OpenADMET
The OpenADMET project seeks to proactively characterize the chemical space accessible to
ADMET-associated proteins (“anti-targets”). By applying recent advances in experimental and computational techniques, a
comprehensive open library of experimental and structural datasets will be generated.
AIRCHECK
AIRCHECK is a platform that provides access to a large collection of high-quality datasets for drug discovery and
development. The datasets are curated from various sources and are available in a standardized format. The current
focus appears to be on DNA encoded library (DEL) data.
Polaris
Polaris aims is to improve the state of benchmarking so ML can have a greater impact on real-world drug discovery
scenarios. To start, Polaris hopes to provide a single source of truth that aggregates and provides simple access to
datasets & benchmarks.
PLINDER
PLINDER is an academic-industry collaboration to address this, driven by VantAI, NVIDIA, the Computational Structural
Biology group at the University of Basel & SIB Swiss Institute of Bioinformatics - co-organizers of CASP, and MIT.
PLINDER aims to provide a gold standard dataset and evaluations to push the field of computational protein-ligand
interactions
prediction forward.
Charlie’s Substack
Charlie Harris writes about applications of AI in drug discovery.
Most recently, his posts have focused on efforts to reproduce AlphaFold3.
Practical Cheminformatics
This is a blog where I post once a month
or so. These posts typically contain code that demonstrates various aspects of cheminformatics; clustering, machine
learning, data visualization, etc.

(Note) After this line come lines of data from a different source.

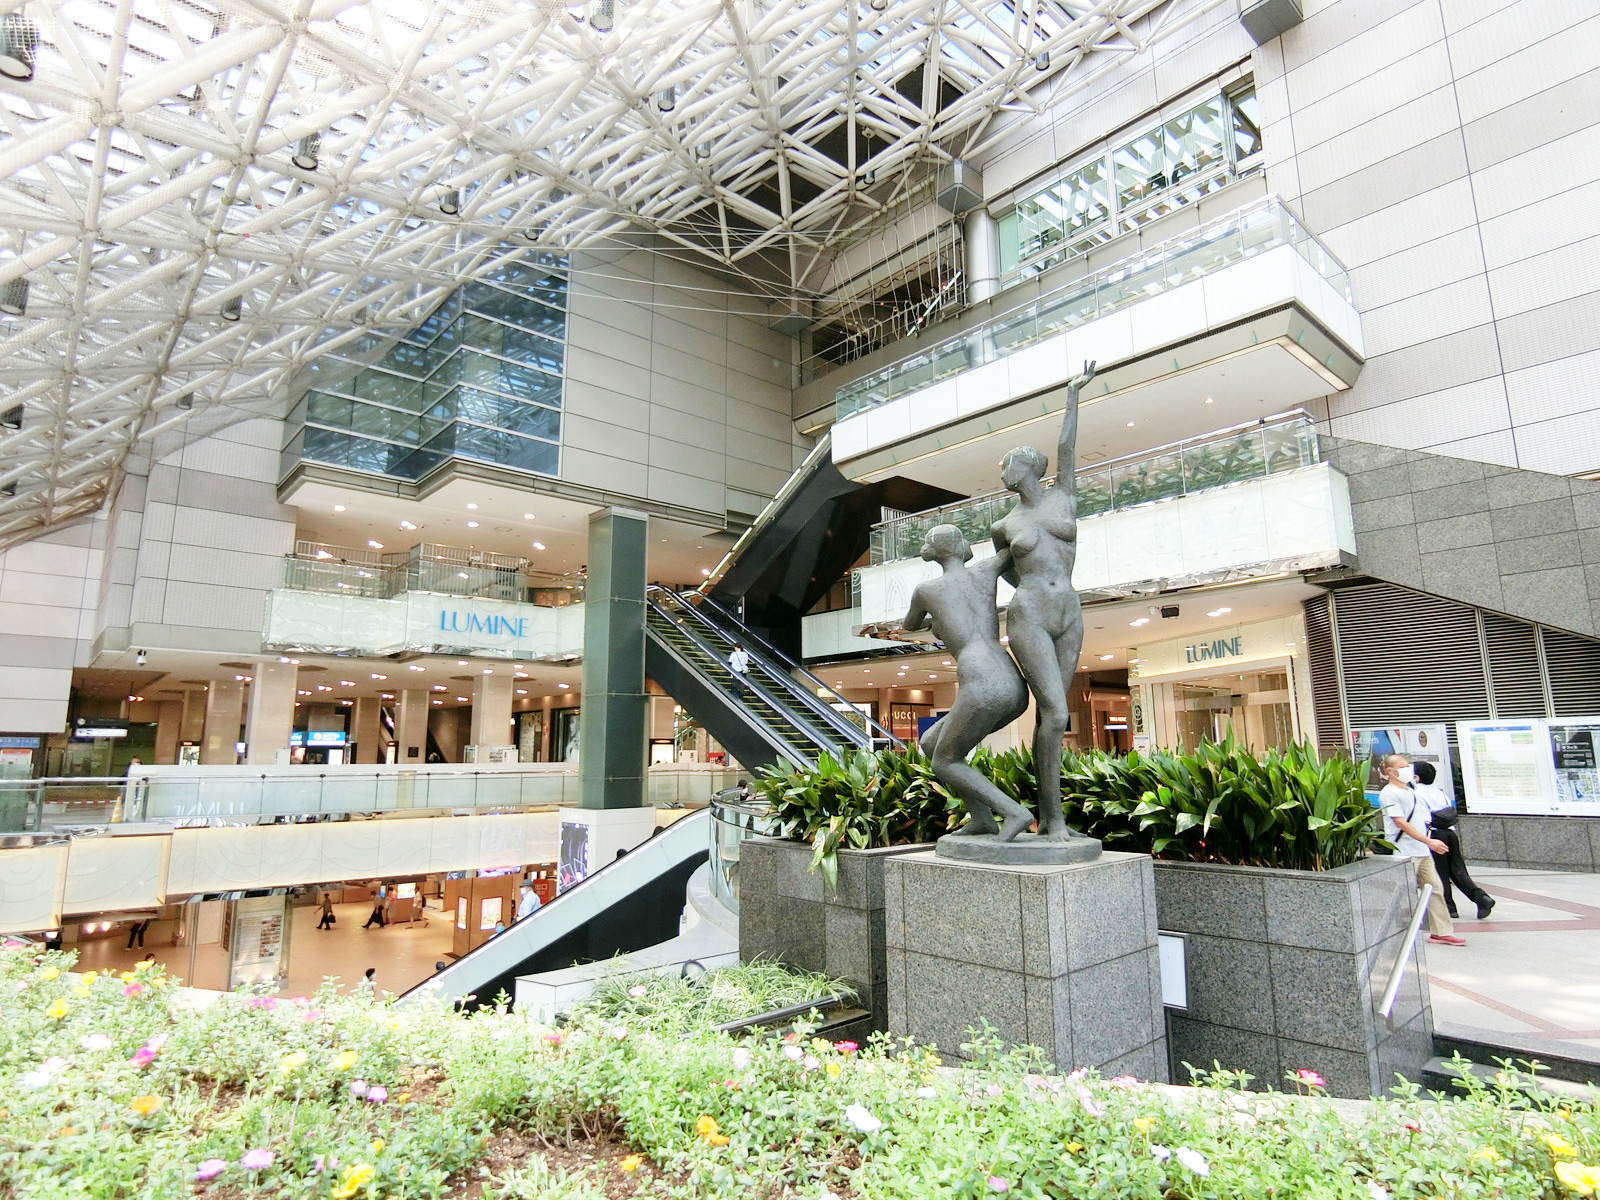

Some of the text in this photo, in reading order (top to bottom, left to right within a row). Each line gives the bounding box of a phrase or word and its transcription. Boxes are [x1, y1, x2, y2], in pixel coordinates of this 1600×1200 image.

[441, 610, 529, 637] LUMINE
[1186, 636, 1243, 663] LUMINE
[892, 711, 916, 720] UCCI
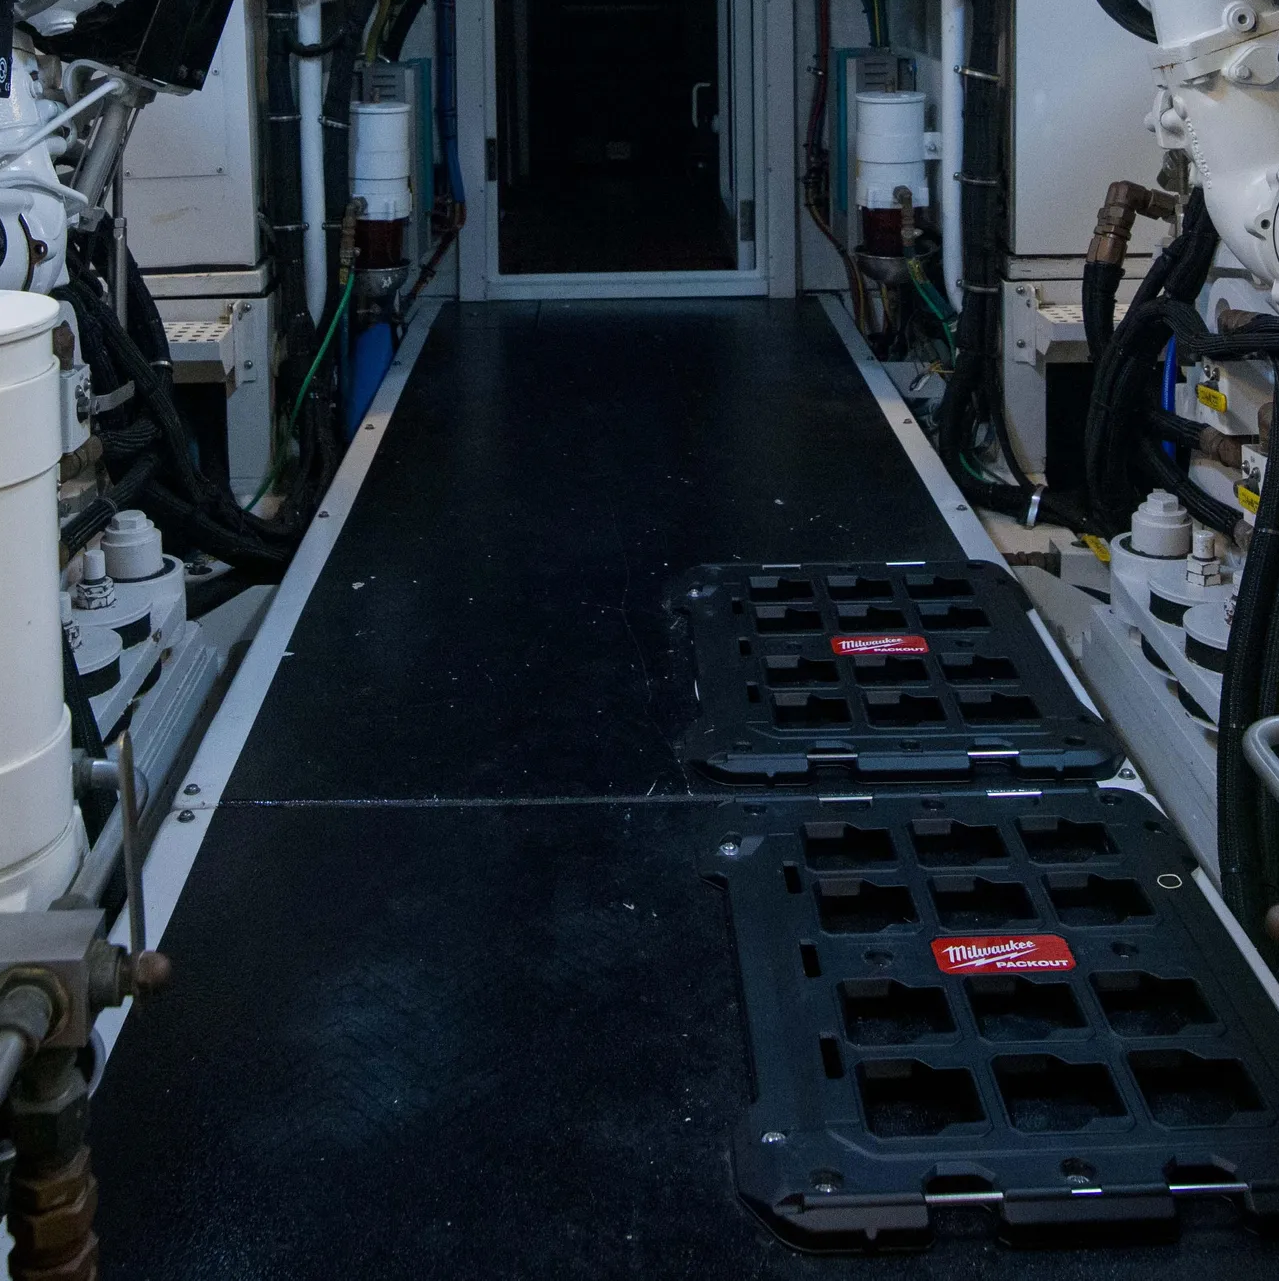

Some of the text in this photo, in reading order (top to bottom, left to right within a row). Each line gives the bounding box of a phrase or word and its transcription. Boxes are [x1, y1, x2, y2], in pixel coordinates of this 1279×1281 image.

[837, 637, 903, 650] Milwaukee
[941, 939, 1036, 963] Milwaukee
[996, 959, 1069, 969] PACKOUT

I occasionally throw in posts containing opinions on things like AI and getting a
job.
Is Life Worth Living
A great blog from Iwatobipen (aka pen), whose posts are
chock full of great code examples. Pen always seems to be up on the latest methods and posts interesting examples on a
variety of topics ranging from quantum chemistry to machine learning.
The RDKit Blog
Greg Landrum is the primary contributor to, and BDFL, of the RDKit. In
addition to the latest and greatest features in the RDKit, Greg's posts also touch on a number of key issues in
Cheminformatics, such as dealing with unbalanced datasets and the impact of fingerprint folding on similarity searching.

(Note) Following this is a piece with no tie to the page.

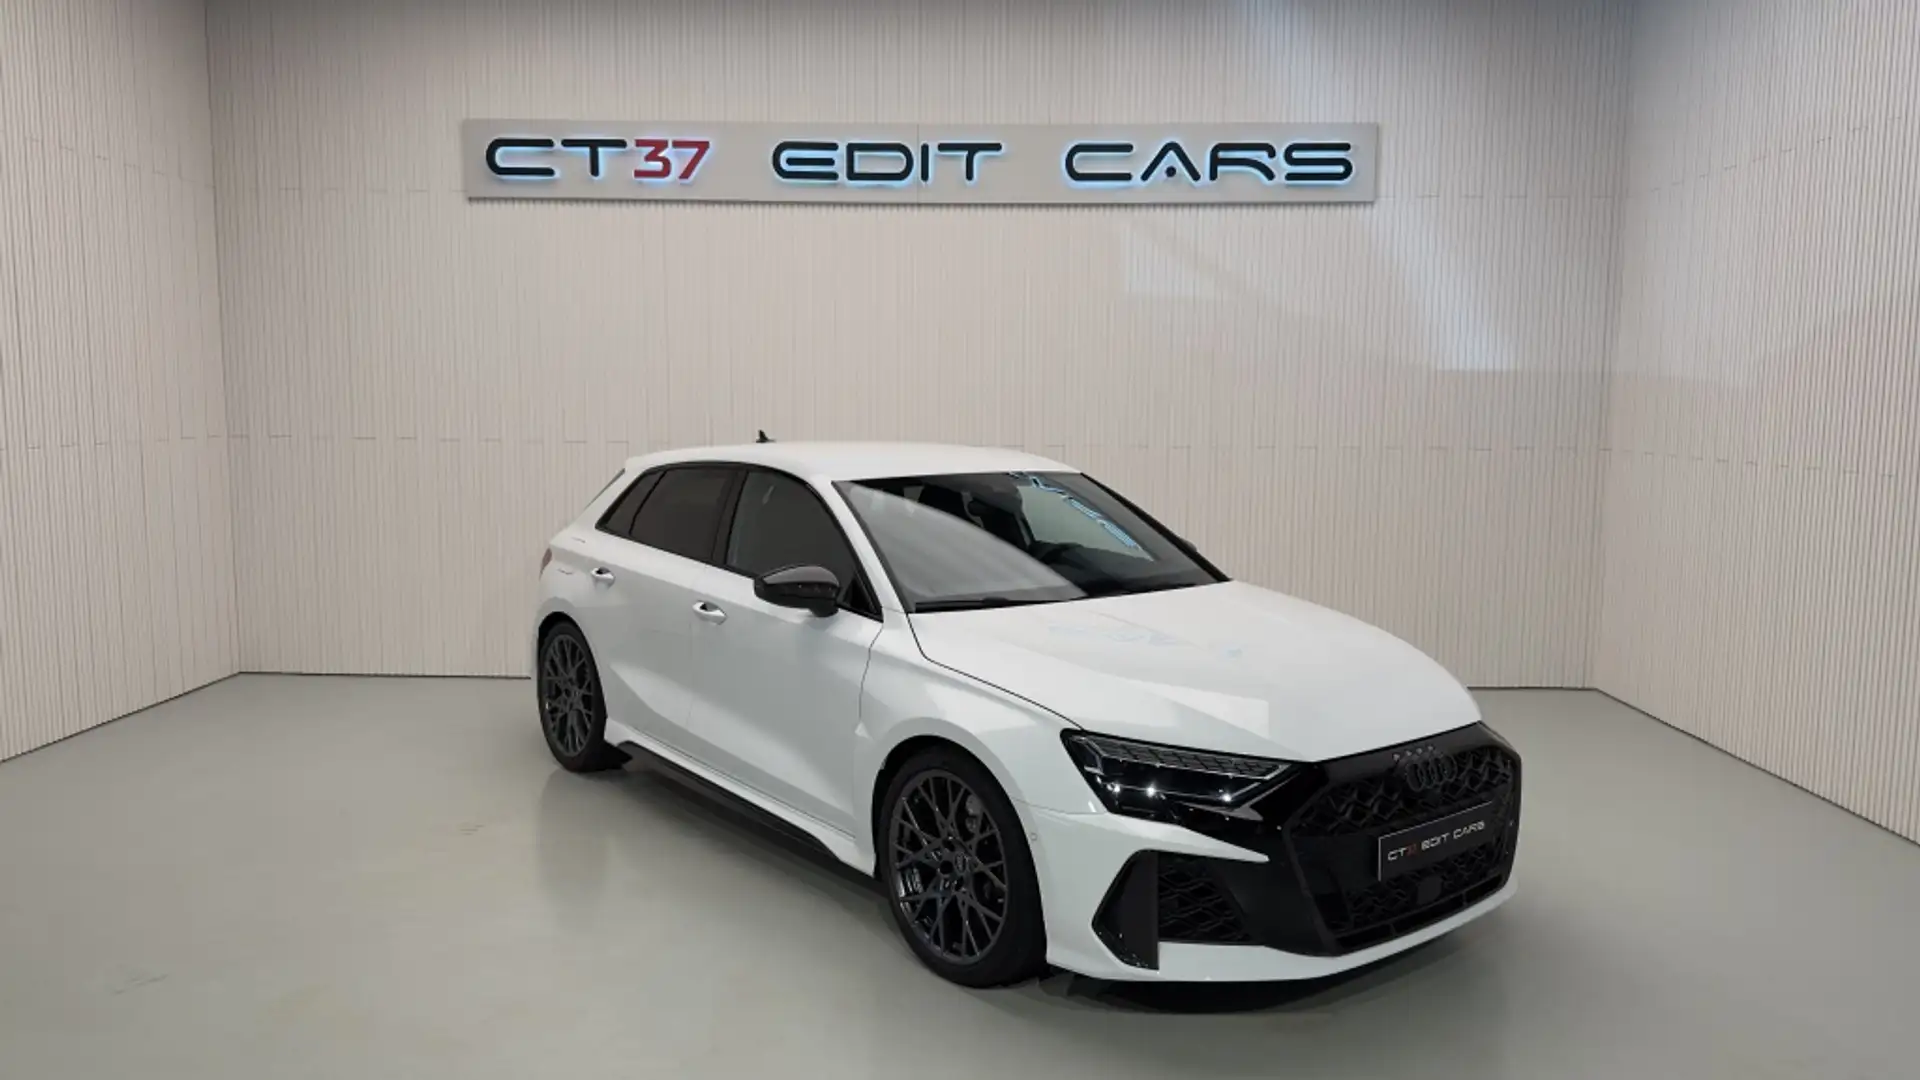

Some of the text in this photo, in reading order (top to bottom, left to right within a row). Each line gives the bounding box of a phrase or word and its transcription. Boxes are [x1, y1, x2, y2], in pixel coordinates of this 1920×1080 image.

Practical Cheminformatics Tutorials
This is a collection of Jupyter notebooks that I put together to demonstrate various aspects of cheminformatics and
machine learning. The notebooks demonstrate a range of topics from cheminformatics basics to more advanced
machine learning. The tutorials all use open source software and can run on Google Colab without installing software
locally. .
TeachOpenCADD
A great set of tutorials from Andrea Volkamer's group that use Open Source software to teach Computer-Aided Drug Design concepts including molecular similarity, applications of machine learning, and pharmacophore analysis.
The RDKit Cookbook
A terrific resource that provides "recipes" for a number of common tasks.